Transfert des digues domaniales : une impréparation dangereuse pour l'avenir
Par Fabienne Nedey
C’était un rendez-vous attendu de pied ferme par les collectivités et, logiquement, l’affluence a été forte (90 participants), le 18 décembre, pour le webinaire sur le transfert des digues domaniales organisé par l’AMF. Il s’agissait d’un temps d’échange avec la Direction générale de la prévention des risques (DGPR) du ministère de la Transition écologique et de la cohésion des territoires, venue faire un point de situation devant les collectivités « gémapiennes » (en charge de la gestion des milieux aquatiques et prévention des inondations) et expliquer les décrets du 21 novembre 2023 (n° 2023-1074 sur le cadre juridique de ce transfert et n° 2023-1075 sur le financement de travaux de mise en conformité).
Pour rappel, le transfert des digues domaniales était prévu par la loi Maptam du 27 janvier 2014, qui laissait 10 ans pour le préparer. Elle stipulait que, pendant cette période, l’État continuerait à « assurer la gestion des ouvrages pour le compte de la commune ou EPCI compétent » et qu’il financerait les travaux de mise en conformité des ouvrages. Elle précisait que les charges transférées feraient « l’objet, dans le cadre d’une convention, d’une compensation ».
Les 10 ans écoulés, le gong est sur le point de sonner : le transfert aura lieu le 29 janvier 2024. Du point de vue des collectivités « gémapiennes » , les conditions dans lesquelles s’organise ce transfert sont irresponsables au regard de l’enjeu qui, rappelons-le, est la sécurité des populations face aux crues. On ne reviendra pas ici sur la parution « surprise » des deux décrets précités ni sur leur contenu (lire Maire info du 23 novembre 2023, et Maire info du 13 décembre 2023 sur le courrier adressé par le président de l’AMF au ministre Christophe Béchu). Certaines collectivités ont reçu le projet de convention de transfert il y a quelques semaines, d’autres l’ont eu… à la fin de la semaine dernière. L’un des constats que font les élus est, qu’à date, ils ne disposent pas de liste précise, exhaustive et délimitée des ouvrages que l’État entend leur transférer, qu’ils connaissent encore moins leur état et qu’ils n’ont pas de vision objective des travaux à réaliser ni des investissements nécessaires.
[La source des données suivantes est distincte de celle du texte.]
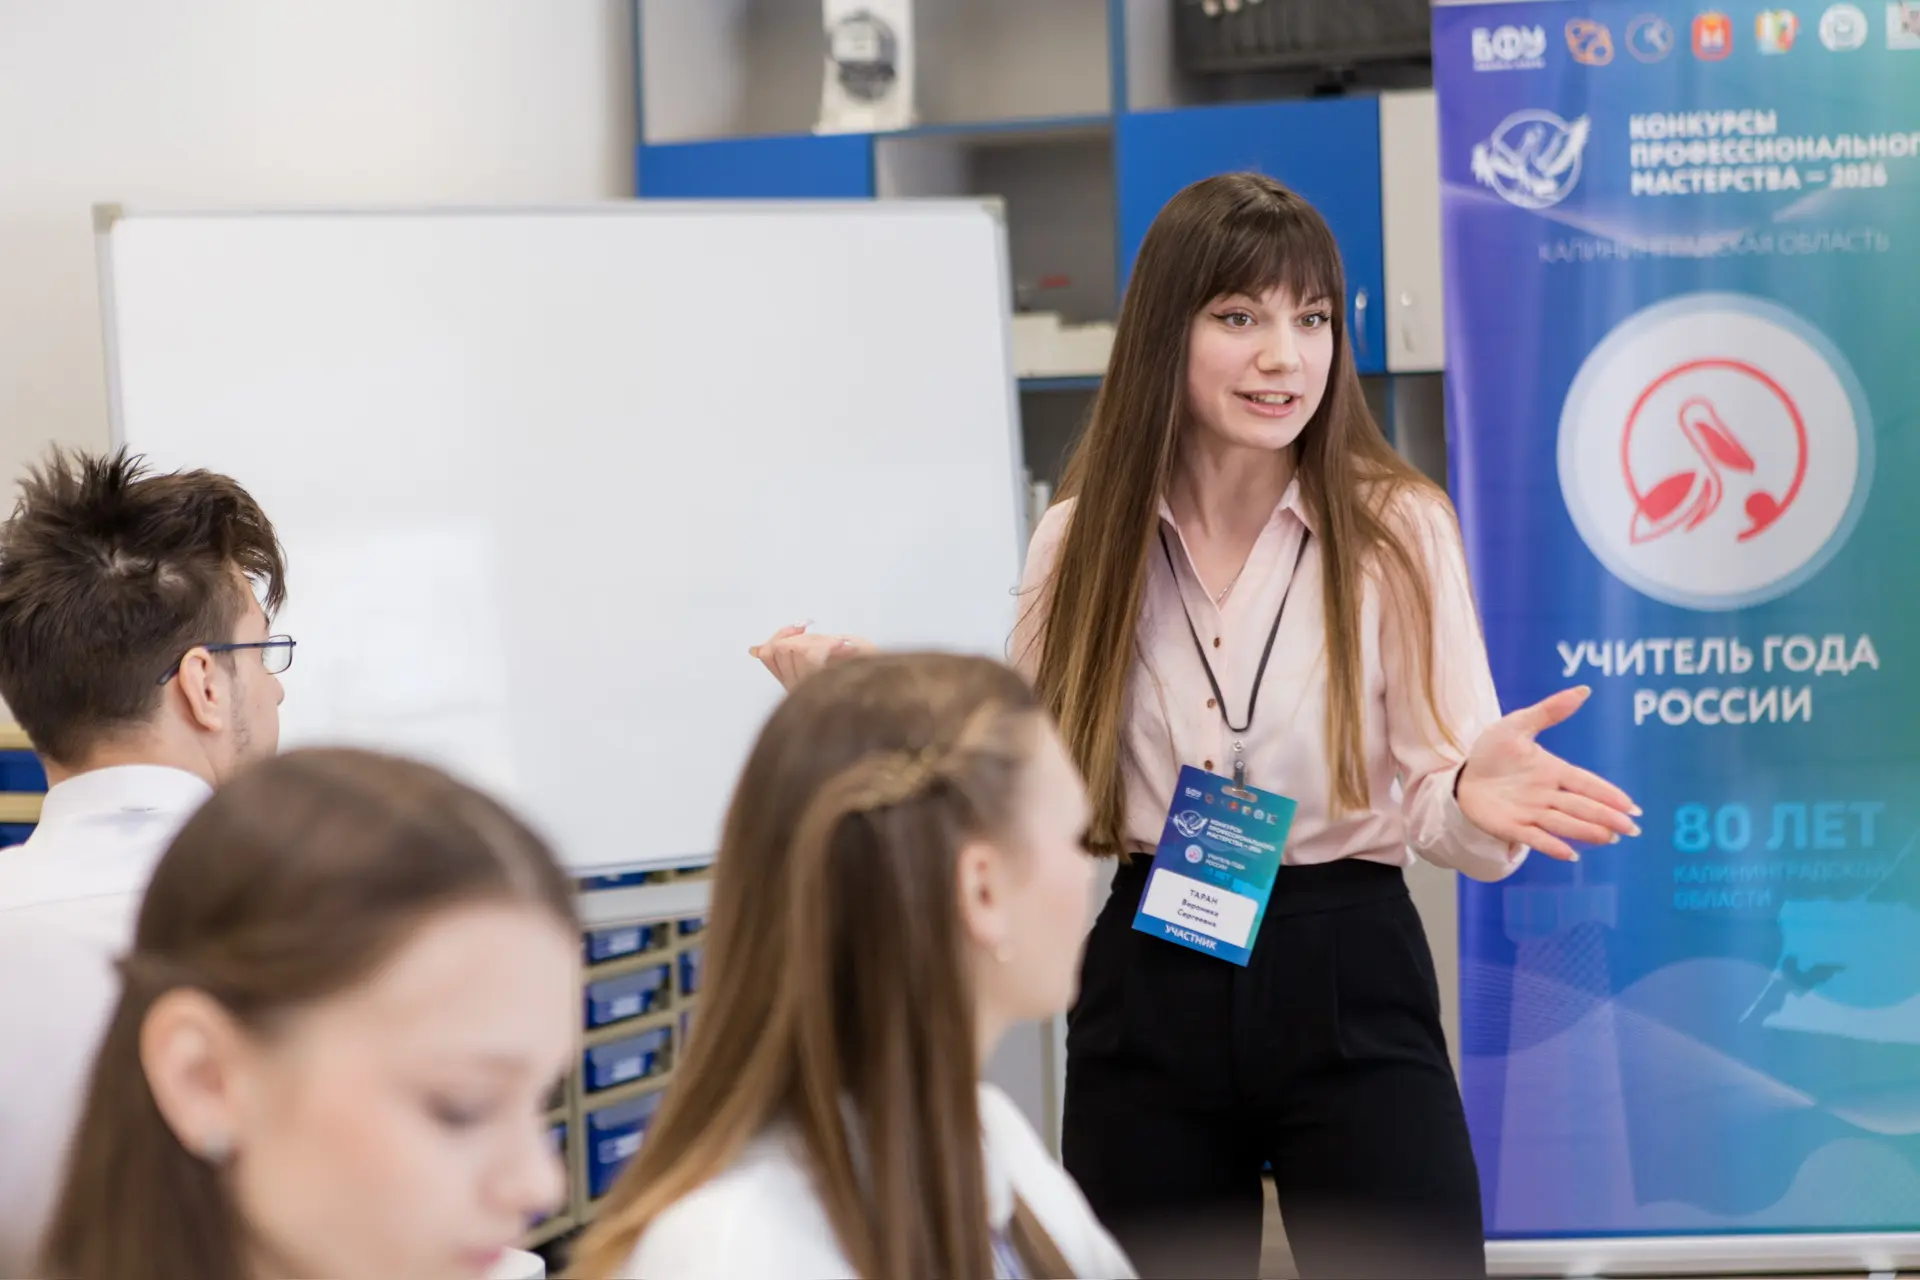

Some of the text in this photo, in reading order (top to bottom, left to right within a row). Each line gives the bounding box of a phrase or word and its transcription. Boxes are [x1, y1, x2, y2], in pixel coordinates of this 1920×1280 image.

[1472, 24, 1547, 61] БФУ
[1629, 109, 1777, 139] КОНКУРСЫ
[1631, 164, 1801, 196] МАСТЕРСТВА
[1830, 162, 1888, 189] 2026
[1778, 227, 1891, 256] ОБЛАСТЬ
[1557, 633, 1879, 677] УЧИТЕЛЬ ГОДА
[1634, 685, 1812, 726] РОССИИ
[1673, 801, 1885, 853] 80 ЛЕТ
[1181, 899, 1219, 917] Вероника
[1189, 889, 1219, 905] ТАРАН
[1674, 888, 1772, 910] ОБЛАСТИ
[1177, 909, 1217, 928] Сергеевна
[1165, 924, 1218, 950] УЧАСТНИК
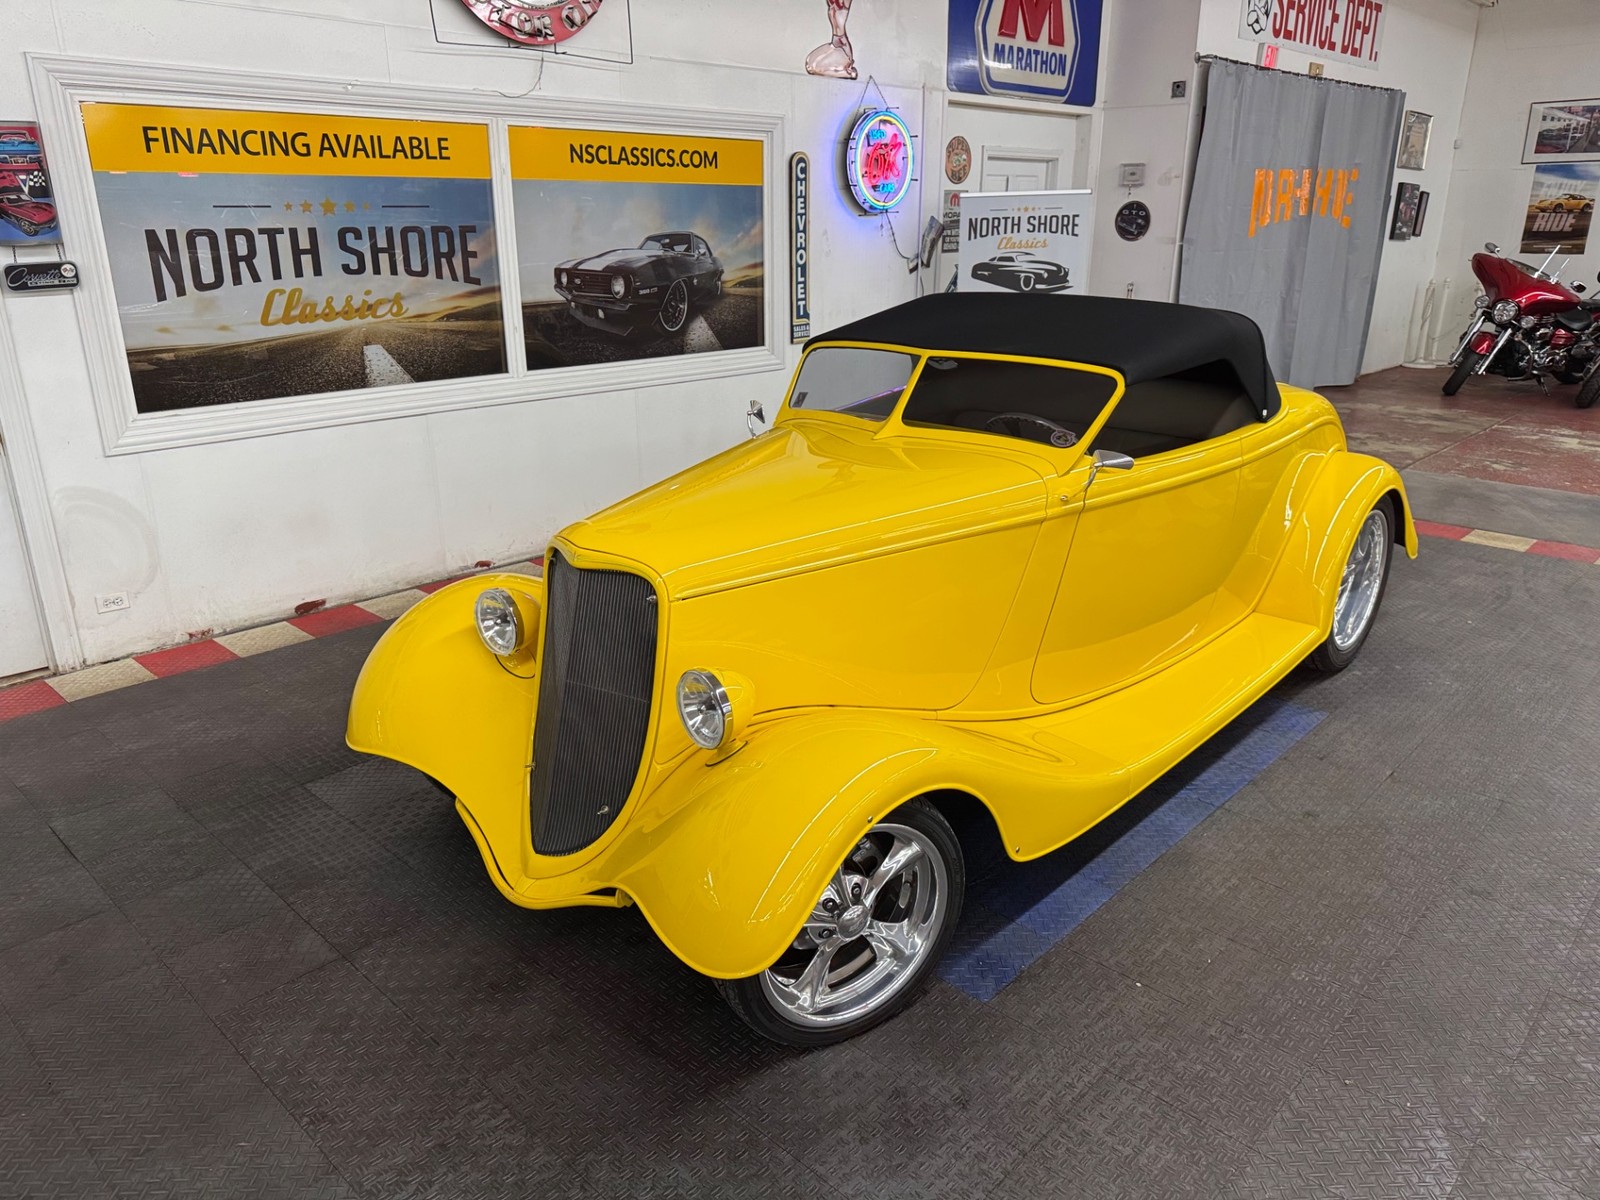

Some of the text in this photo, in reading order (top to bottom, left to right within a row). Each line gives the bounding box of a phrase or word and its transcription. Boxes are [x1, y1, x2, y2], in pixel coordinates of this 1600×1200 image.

La lecture de la situation que fait la DGPR est bien différente. Elle met en avant les « nombreux travaux de réhabilitation réalisés ou en cours sur ces digues » . Dans les « nouveautés » des récents décrets, elle insiste sur la possibilité que l’Etat termine, après le 28 janvier, les marchés publics qu’il avait engagé avant cette date. Mais précise que cela « ne sera possible que dans le cas où les marchés en question sont listés dans la convention de transfert » . Elle confirme que l’accompagnement financier à 80 % par le Fonds Barnier, lui aussi, ne sera valable que pour les travaux listés dans la convention. Ce qui implique que si la convention n’est pas signée au 28 janvier, les travaux à engager sur les digues ne sauraient bénéficier de ce taux de 80 % (pour rappel, le décret n° 2023-1074 instaure un « transfert automatique » : en l’absence de convention signée au 28 janvier, un arrêté préfectoral actera le transfert au 29 janvier). On notera que la DGPR a par ailleurs mentionné la possibilité de bénéficier de crédits du Fonds vert pour les travaux sur ces digues.
Un échange important a concerné l’arrêté ministériel fixant la liste des digues domaniales transférées : la DGPR a précisé que sa publication aurait lieu « après le 29 janvier, pour ne pas y inclure d’ouvrage ayant vocation à être désaffecté ». Dans cette optique, elle a invité les « gémapiens » à faire connaître avant le 29 janvier les ouvrages qu’ils ne veulent pas conserver « afin que ceux-ci soient exclus de la liste des ouvrages transférés » . Une requête totalement lunaire pour les participants au webinaire, qui ne voient pas comment se positionner là dessus sans avoir la liste précise des ouvrages que l’Etat prévoit de mettre à disposition. La DGPR, percevant le malaise, a cherché à rassurer en affirmant que « dans les projets de convention, la liste est présente » et en spécifiant, à l’intention de « ceux qui n’ont pas reçu de projet de convention à ce jour, qu’ils peuvent considérer qu’ils ne sont pas concernés par un transfert » . La suite des échanges a confirmé que, hormis quelques cas très particuliers, la DGPR considère que les collectivités gémapiennes disposent, dans les projets de convention, de toutes les données nécessaires. Une vision que Sébastien Leroy, maire de Mandelieu-la-Napoule (06) et co-président de la mission Risques et crises de l’AMF a qualifié « d’idéaliste » . Sans conteste, les questionnements des élus locaux n’ont pas été levés au terme de cette réunion.